Ondanks dat ze een lange tijd weg was geweest en naar eigen zeggen was veranderd, had ze nog steeds een lompe coördinatie, maar wat betreft het slungeligheid van een jong paard , datwas ze wel kwijtgeraakt, haar bouw was volwassen en ze zou nu bijna niet meer groeien, afgezien van haar manen en staart, maar ook dat betwijfelde ze. Nu het net zomer was geworden, en de zon zou op een normale dag schijnen, zou ze bestookt worden met al die vliegjes, zodat ze zich geen rust kon veroorloven, met al die jeuk om zich heen. Rotvliegjes. Ze zuchtte en stevende voort, de storm boven haar leek niets te deren, de straffe noorderwind waaide in haar rug, wat trouwens een pluspunt was; ze had geen problemen met lopen met al die steun in haar rug.
Aaliyah had haar oren fier naar voren gestoken zodat de wind niet in haar oren kon loeien, anders had ze ze wel in een iets neutralere positie geplaatst, zoveel zin in die goede poespas had ze niet meer. Blijkbaar kon je meer veranderen dan dat je zelf wist. Opmerkelijk. Ze wist wel dat ze als veulen als een soort peacemaker rondhuppelde, ondertussen zat ze wel in de Horcrux, wat een noob was ze. Lol. Als veulen was ze een soort doos geweest, nee dat was niet normaal. Nu was het wel iets anders. Maar ach, ze was wel enorm adorable geweest, en daar ging het om. Laat een veulen een veulen zijn, lekker neutraal of whuttevah.
Ach, wat raaskalde ze toch, zoveel dingen aan de binnenkant om over te piekeren, maar aan de buitenkant een dode uitdrukking op haar smoel. Yeah dat was toch geweldig.

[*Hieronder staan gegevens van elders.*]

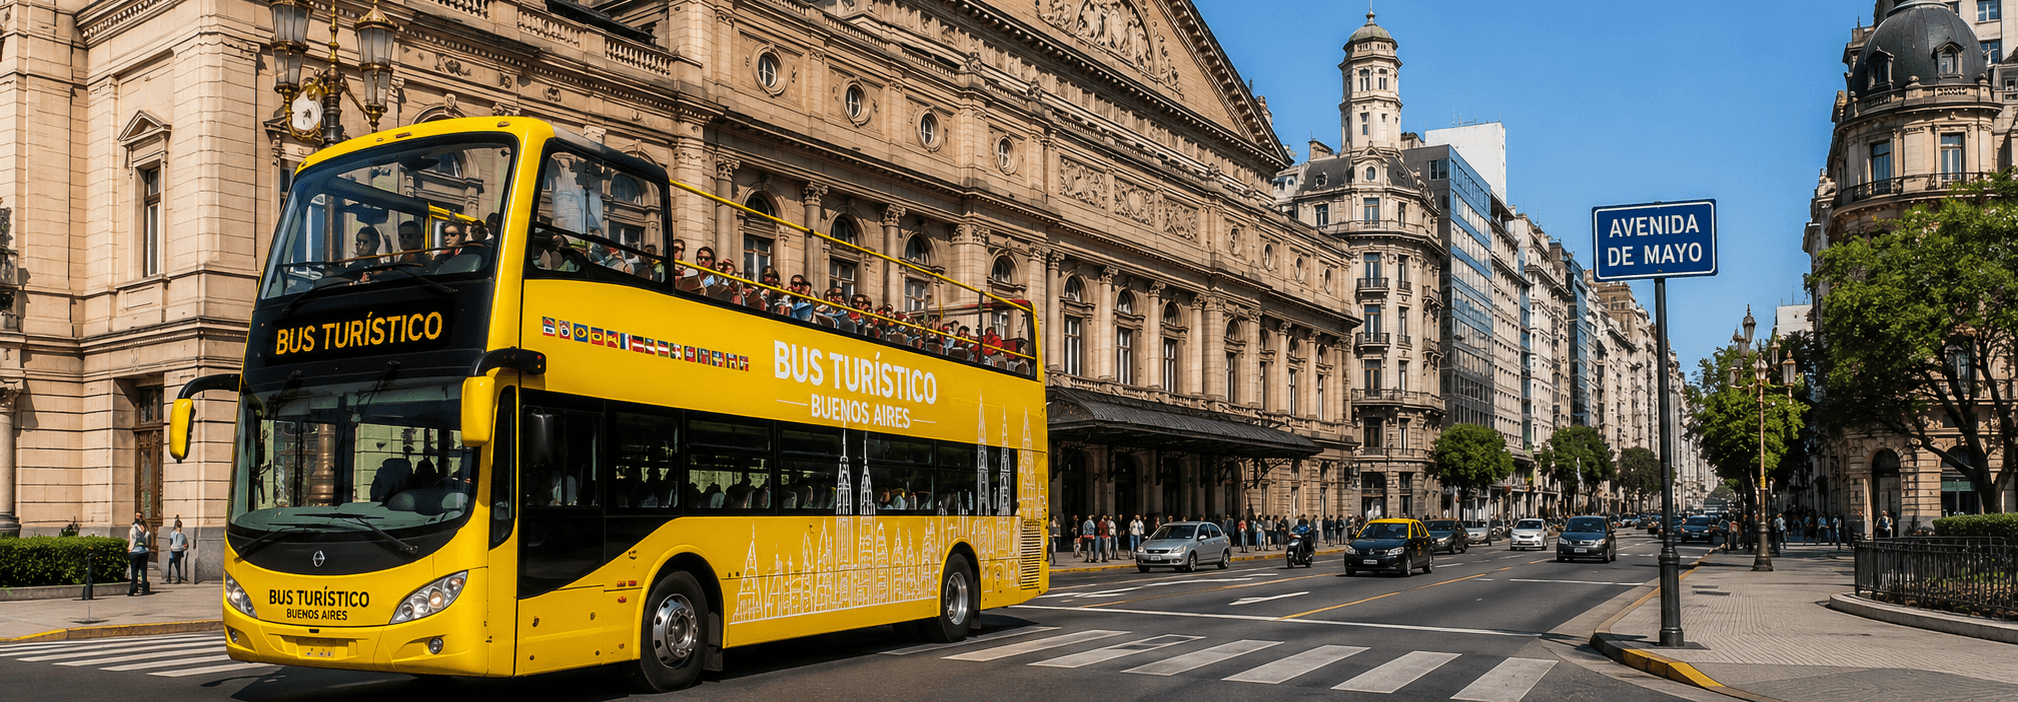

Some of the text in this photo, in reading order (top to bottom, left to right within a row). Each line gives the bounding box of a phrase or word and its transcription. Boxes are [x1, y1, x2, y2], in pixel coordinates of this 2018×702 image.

Moeder natuur liet nog heel even haar powers zien voordat het over het algemeen opklaarde tot een matige motregen. De inmiddels doorweekte Akhal Teke vervloekte de natuur naar een ander hiernamaals en vervolgde haar weg, nogmaals. De sneeuw plakte aan haar lange poten, in dit godvergeten noorderse gebied leek het altijd te sneeuwen, zo niet dan lag er negen van de negen keer sneeuw. Gudverredeume.
Ergens in de verte zag ze een poepbruine vlek, hoogstwaarschijnlijk zo’n dom mormel dat het waagde om, in plaats van in de zon te zitten, de sneeuwvelden te betreden, waar de zon niet echt krachtig scheen ofzo. Yeck.